For extracellular recordings, electrodes were filled with an Na1-based perfusion solution (ACSF). Cells near the surface of the slice were chosen to facilitate the drugs reaching those cells. The recording pipette tip was positioned just above, or slightly touching, the cell body. Following acquisition of stable spontaneous action potentials, the control solution was perfused onto the cell tested with the perfusion pencil. After waiting approximately 5 minutes for stabilization of the firing rate, 50 mM ethanol was applied, followed by control solution. Beginning at least 3 minutes after changing the perfused drugs, action potentials were recorded for 50 to 60 seconds Burst duration, burst rate, and within-burst interspike interval were defined as illustrated in Fig. 4C. Burst duration and burst rate were measured using Clamp Fit (Axon Instruments) by setting the cursor at the beginning and end of a burst. Interspike interval within bursts was determined automatically by the minianalysis program from Synaptosoft (version 5.6.4; Decatur, GA). Within-burst interspike interval was determined for each burst and averaged across bursts for each condition within a single neuron. Each data point is a mean of 50 to 60 seconds. Percent changes in firing rates, within-burst interspike intervals, burst rates, and burst durations of spontaneous action potentials during the application of ethanol were calculated by comparing each with the mean values of precontrol and postcontrol. Frequency is defined as the number of action potentials/s averaged across an entire 50 to 60 seconds sample.

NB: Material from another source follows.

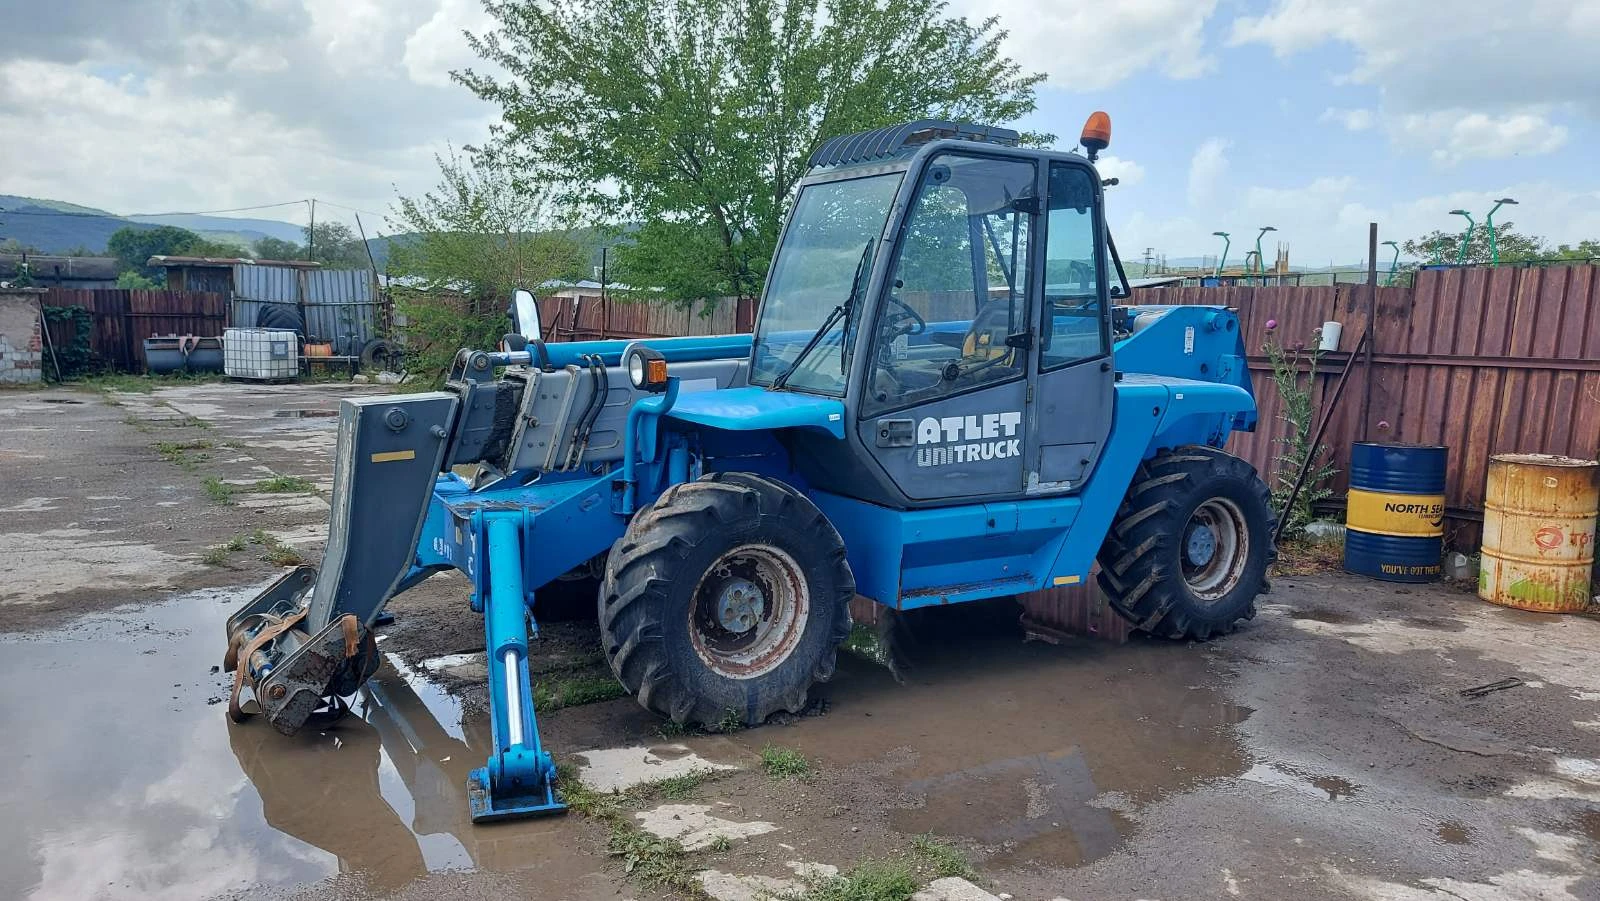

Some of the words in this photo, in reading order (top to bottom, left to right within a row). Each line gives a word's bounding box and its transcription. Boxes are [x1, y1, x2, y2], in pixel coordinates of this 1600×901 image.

The data recorded with extracellular and patch-clamp recordings were analyzed with either Clampfit or miniAnalysis (Synaptosoft). Numerical data are given as mean ± SE, and n represents the number of cells tested. Whenever appropriate, Student's t-test, analysis of variance (ANOVA), Shapiro–Wilk's distribution test, and correlation were performed as indicated. Calculated p values of less than 0.05 were accepted as evidence of a significant difference.
Action potential–independent mIPSCs were recorded after application of 1 μm TTX, which abolished action potential–dependent currents. GABAergic mIPSCs were isolated by including the glutamate receptor blockers CNQX and AP-5 in the perfusion solution. The GABAA receptor blocker bicuculline (10 μM) completely blocked the mIPSCs, indicating that they were GABA-mediated (data not shown, n = 4).
The frequency, amplitude, and decay times of mIPSCs recorded from Purkinje cells before the application of ethanol were 1.25 ± 0.15 Hz, 245 ± 10 pA, and 24.5 ± 0.8 ms, respectively (n = 42). Percent potentiation of the frequency of mIPSCs by various concentrations of ethanol (0, 12.5, 25, 50, and 100 mM) relative to control frequency is plotted in Fig. 1A. Ethanol increased the frequency of the currents (1-way ANOVA, p<0.0001, n = 9–12 for individual concentrations) in a concentration-dependent manner. Post hoc tests demonstrated that the percent change in frequency in the presence of 25, 50, and 100 mM ethanol was significantly different from controls (Tukey's HSD test, p<0.05). Representative traces of mIPSCs from a Purkinje neuron recorded in the presence and absence of 50 mM ethanol shows that ethanol increased the spontaneous activity of the cell (Fig. 1B).
As shown in Table 1, neither the amplitude nor the decay time of the mIPSCs was affected by the varying concentrations of ethanol.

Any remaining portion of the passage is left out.